The name Siberia calls up to our minds the vision of a stupendous prison, a vast open penitentiary larger than the whole United States, a continental place of captivity which for three centuries past has been the seat of more wretchedness and misery than any other land inhabited by the human race. To that far, frozen land a stream of the best and worst of the people of Russia has steadily flowed, including prisoners of state, religious dissenters, rebels, Polish patriots, convicts, vagabonds, and all others who in any way gave offence to the authorities or stood in the way of persons in power.

Not freedom of action alone, but even freedom of thought, is a crime in Russia. It is a land of innumerable spies, of secret arrest and rapid condemnation, in which the captive may find himself on the road to Siberia without knowing with what crime he is charged, while his friends, even his wife and family, may remain in ignorance of his fate. Every year a convoy of some twenty thousand wretched prisoners is sent off to that dismal land, including the ignorant and the educated, the debased and the refined, men and women, young and old, the horror of exile being added to indescribably by this mingling of delicate and refined men and women with the rudest and most brutal of the convict class, all under the charge of mounted Cossacks, well armed, and bearing long whips as their most effective arguments of control.

It may be said here that the misery of this long journey on foot has been somewhat mitigated since the introduction of railroads and steamboats, and will very likely be done away with when the Transsiberian Railway is finished; but for centuries the horrors of the convict train have piteously appealed to the charity of the world, while the sufferings and brutalities which the exiles have had to endure stand almost without parallel in the story of convict life. The exiles are divided into two classes, those who lose all and those who lose part of their rights. Of a convict of the former class neither the word nor the bond has any value: his wife is released from all duty to him, be cannot possess any property or hold any office. In prison he wears convict clothes, has his head half shaved, and may be cruelly flogged at the will of the officials, or murdered almost with impunity. Those deprived of partial rights are usually sent to Western Siberia; those deprived of total rights are sent to Eastern Siberia, where their life, as workers in the mines, is so miserable and monotonous that death is far more of a relief than something to be feared.

GROUPS OF SIBERIANS

Many of the exiles escape,—some from the districts where they live free, with privilege of getting a living in any manner available, others from the prisons or mines. The mere feat of running away is in many eases not difficult, but to get out of the country is a very different matter. The officers do not make any serious efforts to prevent escapes, and can be easily bribed to allow them, since they are enabled then to turn in the name of the prisoner as still on hand and charge the government for his support. In the gold-mines the convicts work in gangs, and here one will lie in a ditch and be covered with rubbish by his comrades. When his absence is discovered he is not to be found, and at nightfall he slips from the trench and makes for the forest.
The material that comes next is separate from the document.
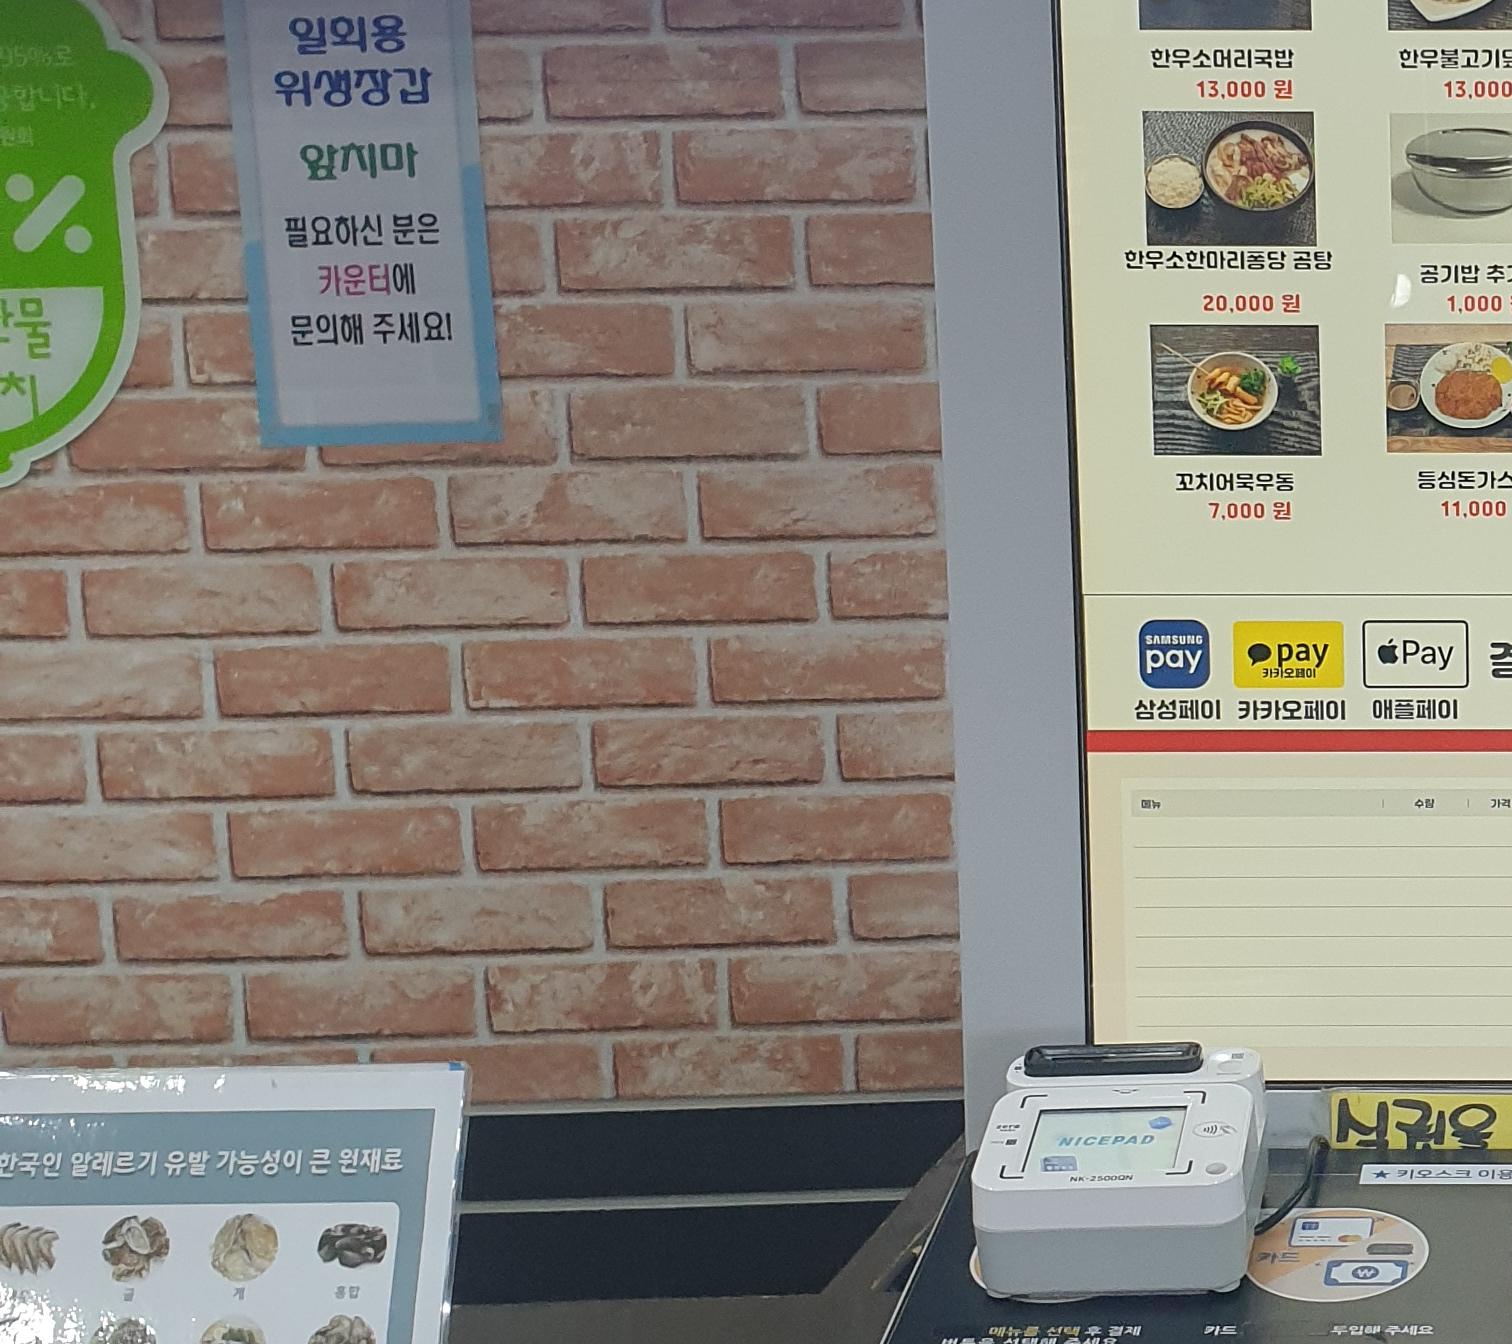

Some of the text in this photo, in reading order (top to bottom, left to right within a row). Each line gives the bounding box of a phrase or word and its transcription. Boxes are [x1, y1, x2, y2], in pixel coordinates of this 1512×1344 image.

To spend the summer in the woods is the joy of many convicts. They have no hope of getting out of the country, which is of such vast extent that winter is sure to descend upon them before they can approach the border, but the freedom of life in the woods has for them an undefinable charm. Then as the frigid season approaches they permit themselves to be caught, and go back to their labor or confinement with hearts lightened by the enjoyment of their vagrant summer wanderings. There is in some cases another advantage to be gained. A twenty years' convict who has escaped and lets himself be caught again may give a false name, and avoid all incriminating answers through a convenient failure of memory. If not detected, he may in this way get off with a five years' sentence as a vagrant. But if detected his last lot is worse than his first, since the time he has already served goes for nothing.

There is another peril to which escaping prisoners are exposed. The native tribes are apt to look upon them as game and shoot them down at sight.